> EXERCISE DETAILS
Give back, character for character, the line that includes "Some of the text" and all lines beneath it in the data.

* * * * *

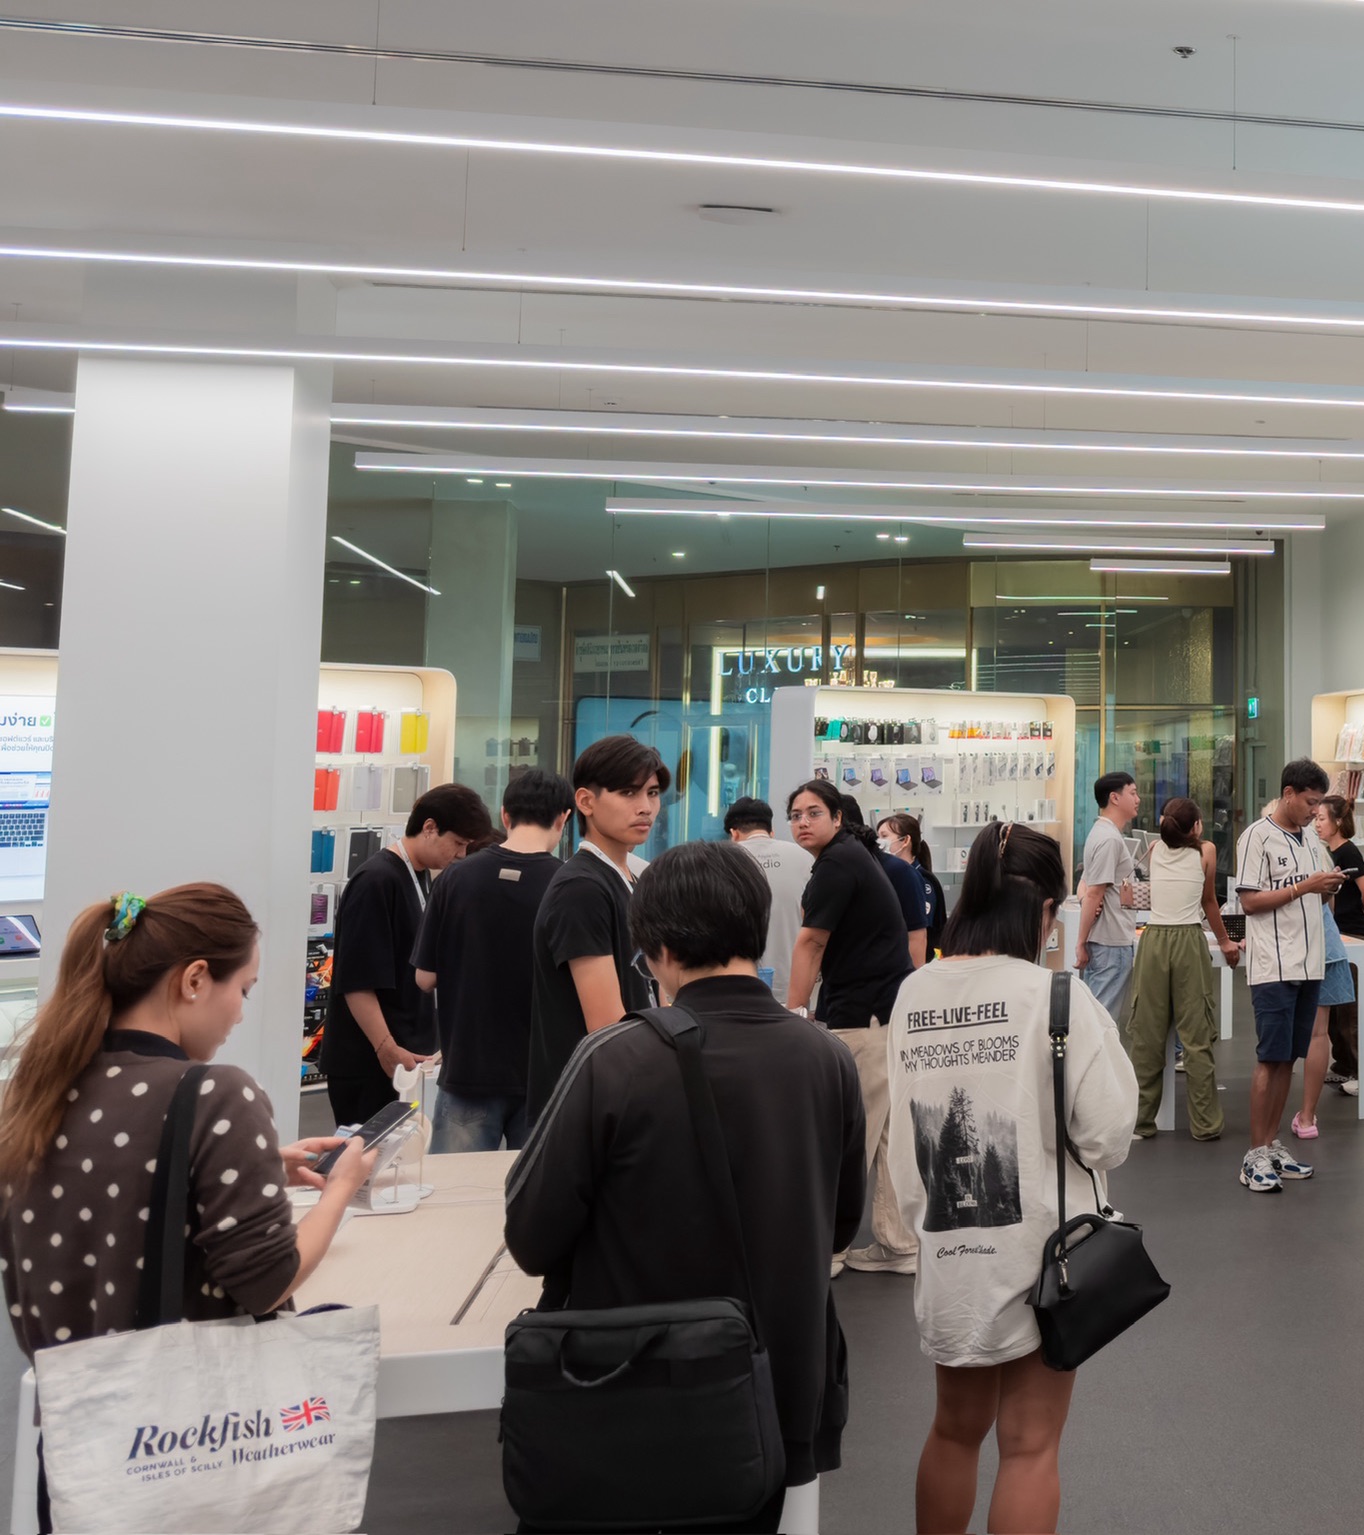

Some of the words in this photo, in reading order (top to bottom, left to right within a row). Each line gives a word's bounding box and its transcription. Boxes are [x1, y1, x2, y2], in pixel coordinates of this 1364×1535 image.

[719, 645, 850, 676] LUXURY
[745, 687, 779, 704] CL
[907, 1001, 1009, 1030] FREE-LIVE-FEEL
[900, 1049, 909, 1062] IN
[910, 1041, 960, 1060] MEADOWS
[962, 1039, 975, 1053] OF
[977, 1034, 1020, 1051] BLOOMS
[904, 1060, 918, 1073] MY
[920, 1053, 970, 1071] THOUGHTS
[971, 1048, 1017, 1065] MEANDER
[937, 1246, 957, 1259] Cool
[127, 1409, 274, 1461] Rockfish
[231, 1432, 337, 1466] Weatherwear
[126, 1458, 184, 1476] CORNWALL
[141, 1470, 171, 1483] ISLES
[174, 1467, 187, 1477] OF
[190, 1460, 223, 1474] SCILLY
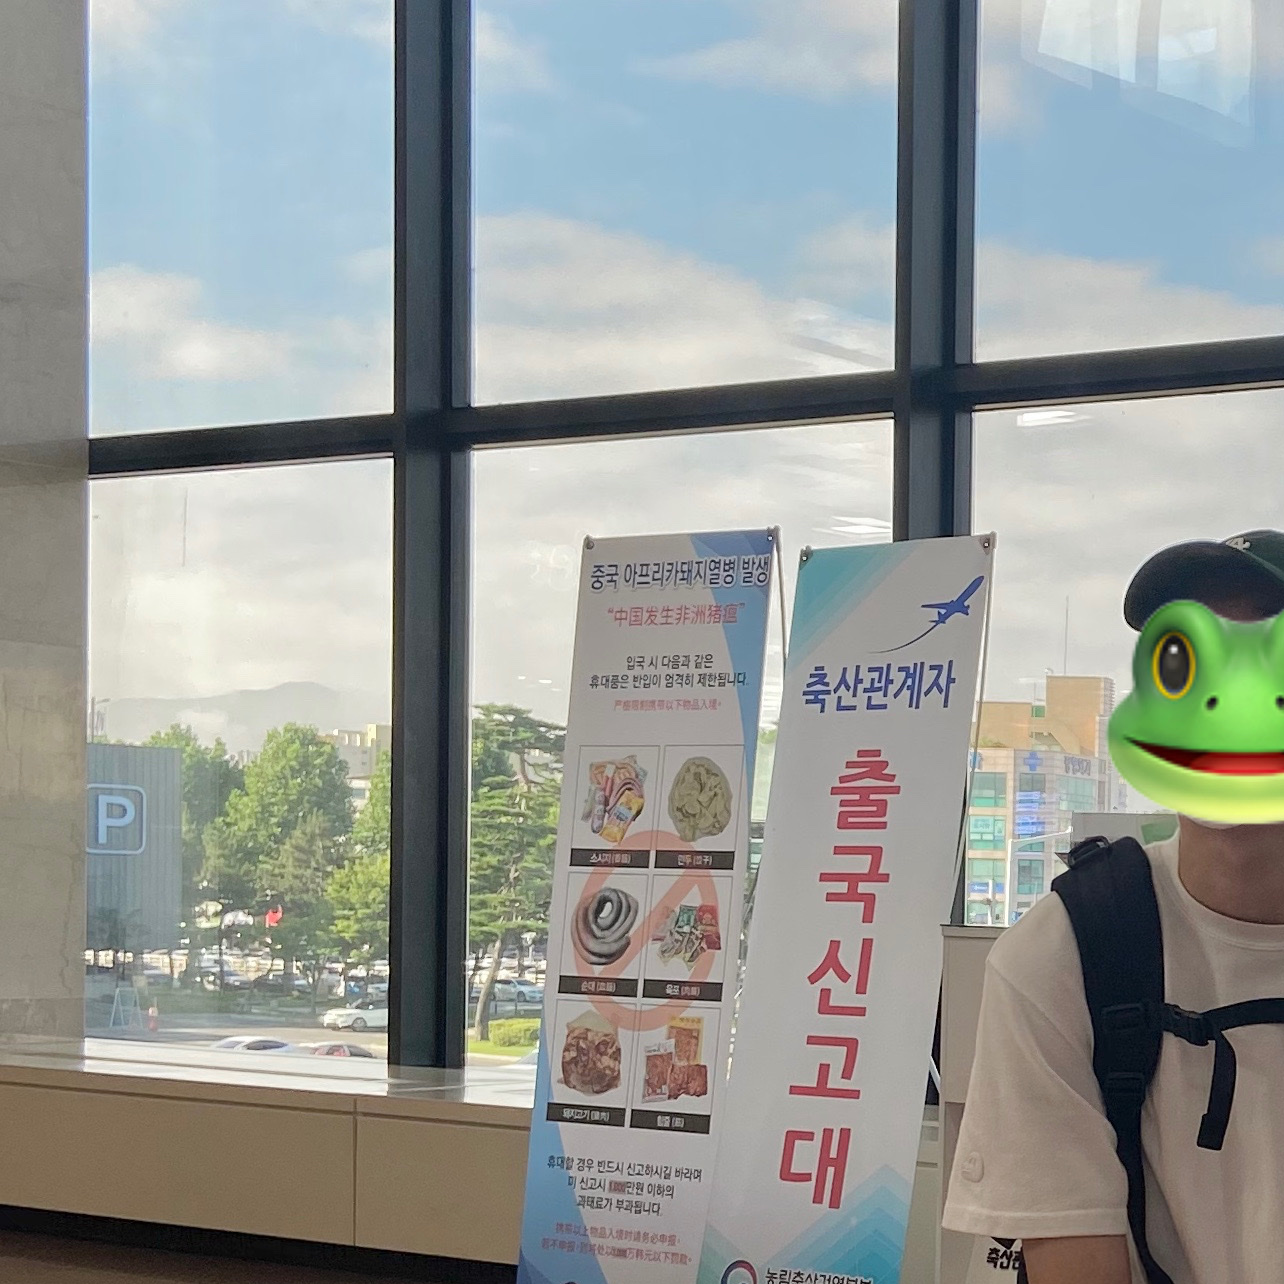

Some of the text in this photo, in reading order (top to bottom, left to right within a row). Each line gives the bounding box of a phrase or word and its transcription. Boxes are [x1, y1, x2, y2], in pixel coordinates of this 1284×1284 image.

[590, 555, 771, 591] 중국 아프리카돼지열병 발생
[626, 653, 714, 671] 입국 시 다음과 같은
[589, 674, 630, 690] 휴대품은
[632, 673, 662, 689] 반입이
[665, 672, 695, 689] 엄격히
[802, 659, 957, 714] 축산관계자
[97, 795, 136, 844] P
[547, 1155, 703, 1183] 휴대할 경우 반드시 신고하시길 바라며
[567, 1175, 577, 1190] 미
[579, 1176, 607, 1193] 신고시
[647, 1183, 675, 1199] 이하의
[577, 1194, 613, 1212] 과태료가

* * * * *

> YOUR SOLUTION
Some of the text in this photo, in reading order (top to bottom, left to right within a row). Each line gives the bounding box of a phrase or word and its transcription. Boxes are [x1, y1, x2, y2], in pixel coordinates of this 1284×1284 image.

[590, 555, 771, 591] 중국 아프리카돼지열병 발생
[626, 653, 714, 671] 입국 시 다음과 같은
[589, 674, 630, 690] 휴대품은
[632, 673, 662, 689] 반입이
[665, 672, 695, 689] 엄격히
[802, 659, 957, 714] 축산관계자
[97, 795, 136, 844] P
[547, 1155, 703, 1183] 휴대할 경우 반드시 신고하시길 바라며
[567, 1175, 577, 1190] 미
[579, 1176, 607, 1193] 신고시
[647, 1183, 675, 1199] 이하의
[577, 1194, 613, 1212] 과태료가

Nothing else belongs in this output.